Page 150 of Burn

There’s no way in hell I want anyone seeing that video. I watched it on Finn’s phone the other day and then deleted it and everything else off his phone for even having the video.

What a bunch of fuckers.

“Goddamn you,” I mumble under my breath.

Owen smiles triumphantly. “Paybacks are a bitch, muthafucka!”

When we get to the job, it’s a construction site where they’re building a skyscraper. A guy is dangling some two hundred feet in the air by his feet, which are tangled up in a rope.

That’s a bad day.

No idea what he was doing when it happened, hell, he probably didn’t know, either, but I go up there on the freight elevator and get him hooked onto me to bring him down.

We’re locked together when I tell him with a laugh, “Whatever you do, big guy, don’t look down.”

He looks down.

Stupid shits always do.

“Holy shit! I’m going to die!” He starts scrambling, locking his legs around mine and then knocking us into the side of the building.

There goes my helmet.

“Hey, I said don’t look down, asshole!” Using my feet against the wall, both planted firmly, I keep us from swinging back and forth. “Stop fucking moving before you kill us both.”

Just then the rope slips about five feet. We go with it, but conveniently we’re at the spot where Owen and Finn are waiting to pull us into a fourth-floor window.

I’m sure the guy shit his pants.

Construction sites are dangerous. Dangerous to work at, and dangerous to save people at. I would be lying if I didn’t say I was sweating that one. Believe it or not, I’m actually afraid of heights. And blood. Oh, and those marshmallow peeps people eat at Easter. They scare the shit out of me.

Only Owen knows I’m scared of heights, and usually, he takes the jobs like this, but he made me do it this time. Another stipulation of not posting the video. So I had no choice, and we couldn’t trust Finn tied to a rope.

Look at him. He’s over near the truck playing with a staple gun.

Not more than two minutes later, the goddamn thing goes off and shoots Finn in the forehead.

“Got any suggestions?” Finn asks, looking scared but in shock.

“Yeah.” I chuckle lightly, grabbing hold of his shoulders, and then turning him toward the ambulance. “See that EMT over there, dude. You need to sit down.”

“What the hell happened to him?” Owen curiously watches them take the nail out of the side of his head. It turns out to be just a minor flesh wound, but still, you’re not careful and you shoot yourself with a staple gun.

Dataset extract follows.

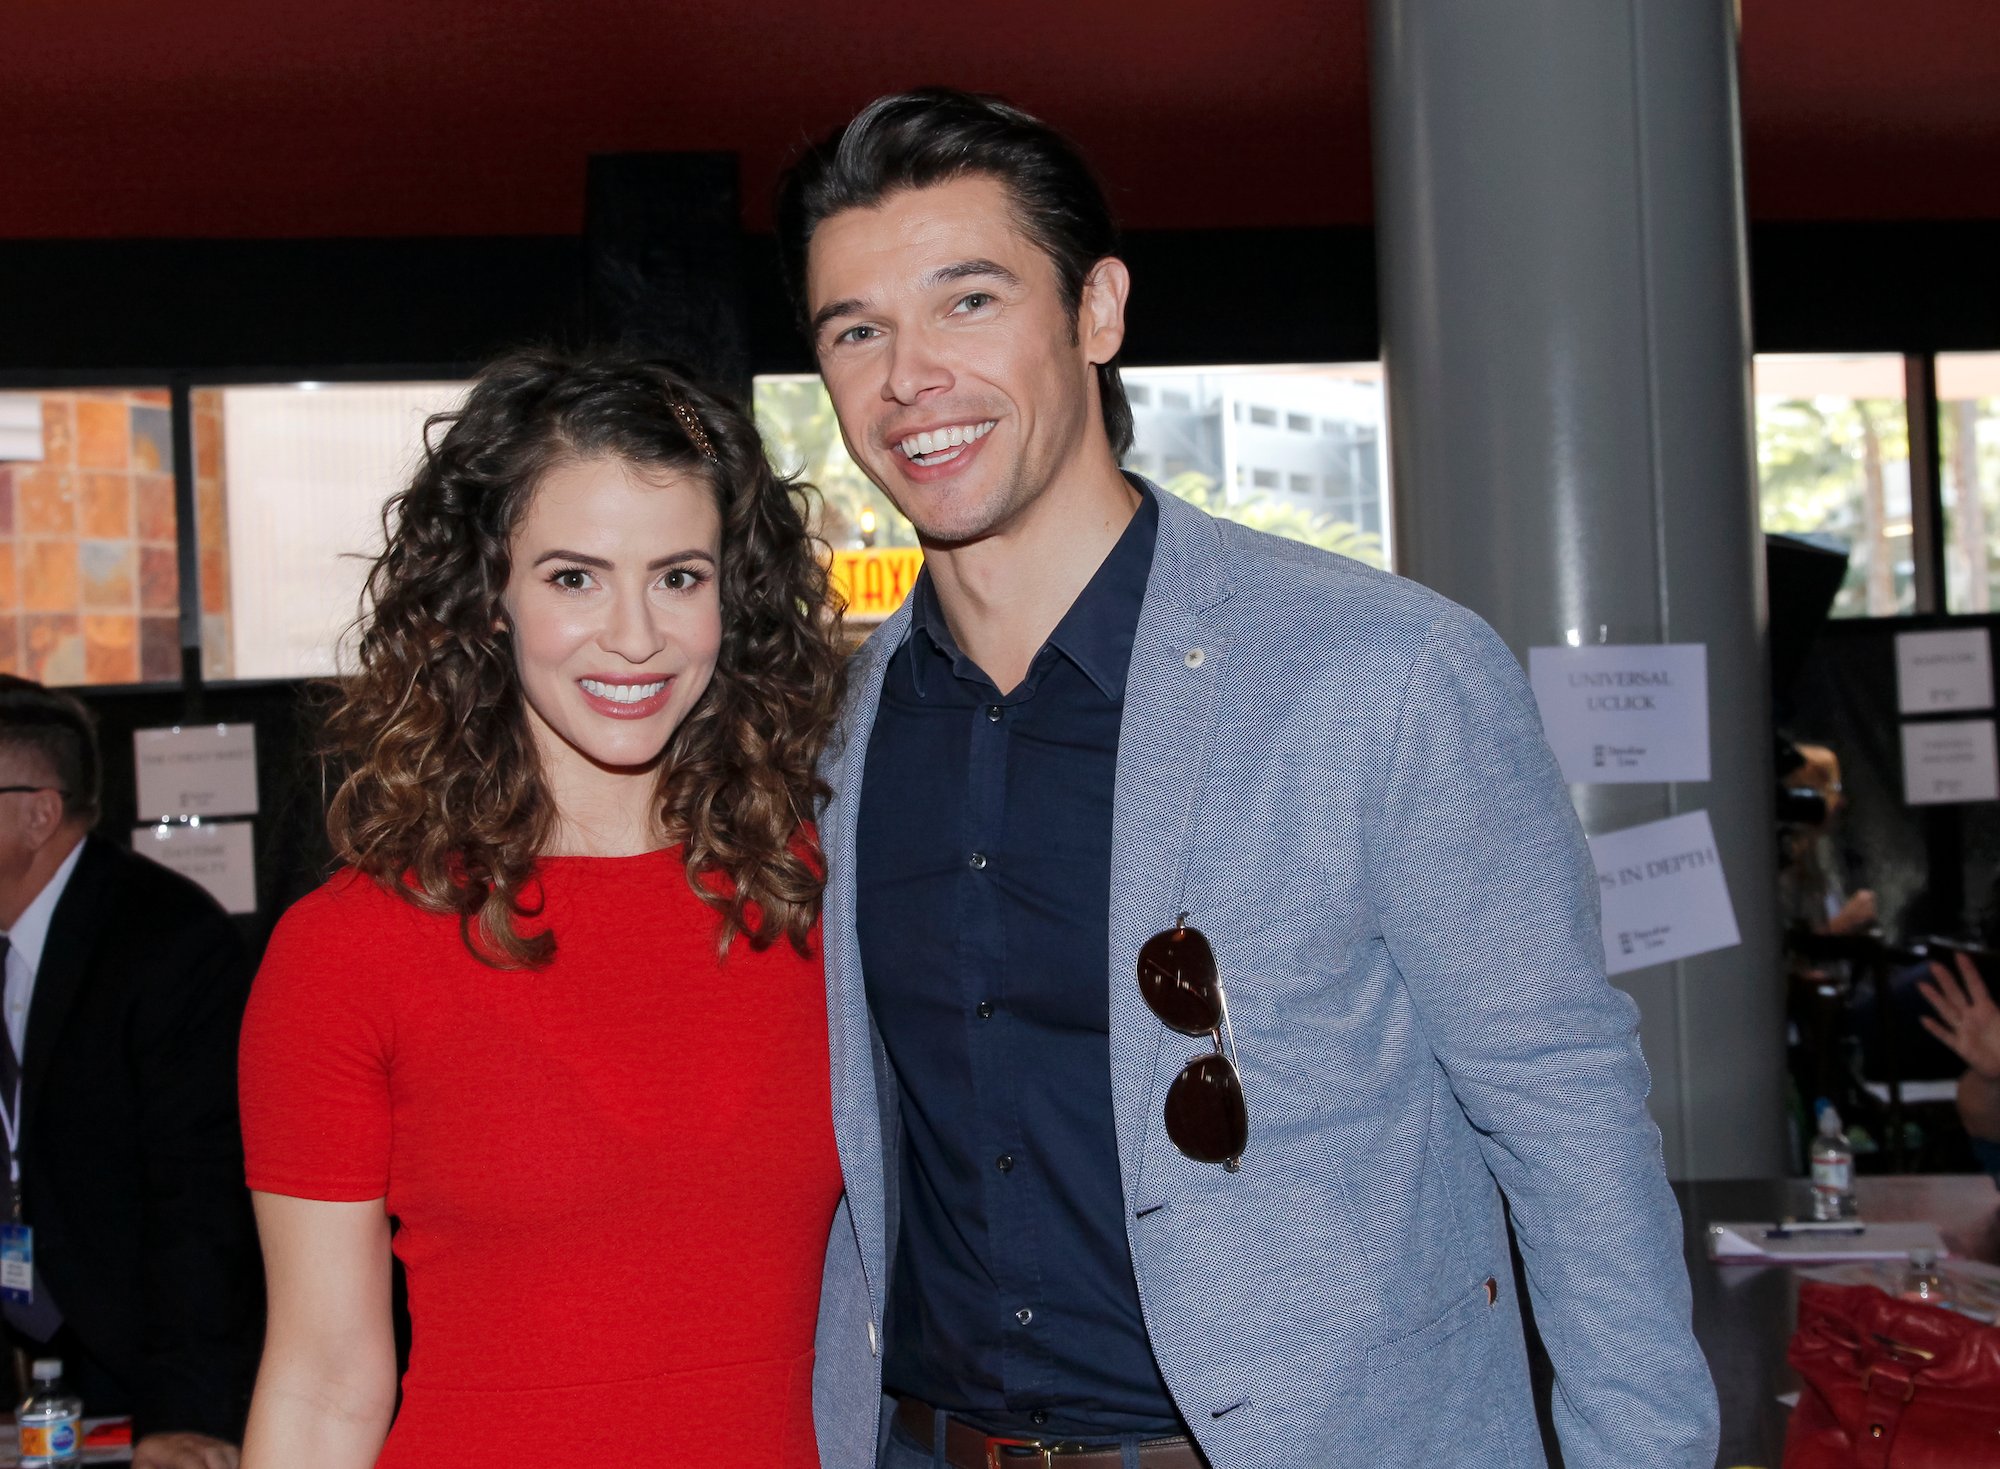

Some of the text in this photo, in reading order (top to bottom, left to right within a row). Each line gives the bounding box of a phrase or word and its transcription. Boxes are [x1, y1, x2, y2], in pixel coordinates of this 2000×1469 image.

“He was playing with it, and it went off in his hand,” Corbin tells him as he hands me my helmet that had fallen earlier.

Jay and I start laughing, but Owen doesn’t. I never thought Corbin would have a sense of humor. I never paid any attention to it because I was too busy hoping he’d shoot himself with a nail gun.

As the lights of the city burst on and we make our way back to the station, surrounded by the very places I’ve called home my entire life, I think about Evan.

With my body pressed against the seat in the back, it feels good to be back on the truck and getting calls after the two-week leave of absence they made me take. I wasn’t the only one thinking of him. All the guys in the house miss his hard, overconfident ass. They even put up a framed picture of him in the recliner he used to sit in inside the lounge, like it’d forever be his chair and he would always be there bullshitting with us.

I suppose in some ways, it’s helping us all cope with the loss. I may have been his brother, but Evan held a special spot in this house, whether we got along or not. He left a piece of himself with all of us, in subtle ways.

He taught Finn how to be reliable. Too bad he didn’t teach him some safety tips, but he did teach him to never give up, to stay focused and be prepared.

I wasn’t sure what he taught Owen. I’m not sure you can teach him anything.

And me, well, he taught me that inside a fire, always think, be fearless, butthink.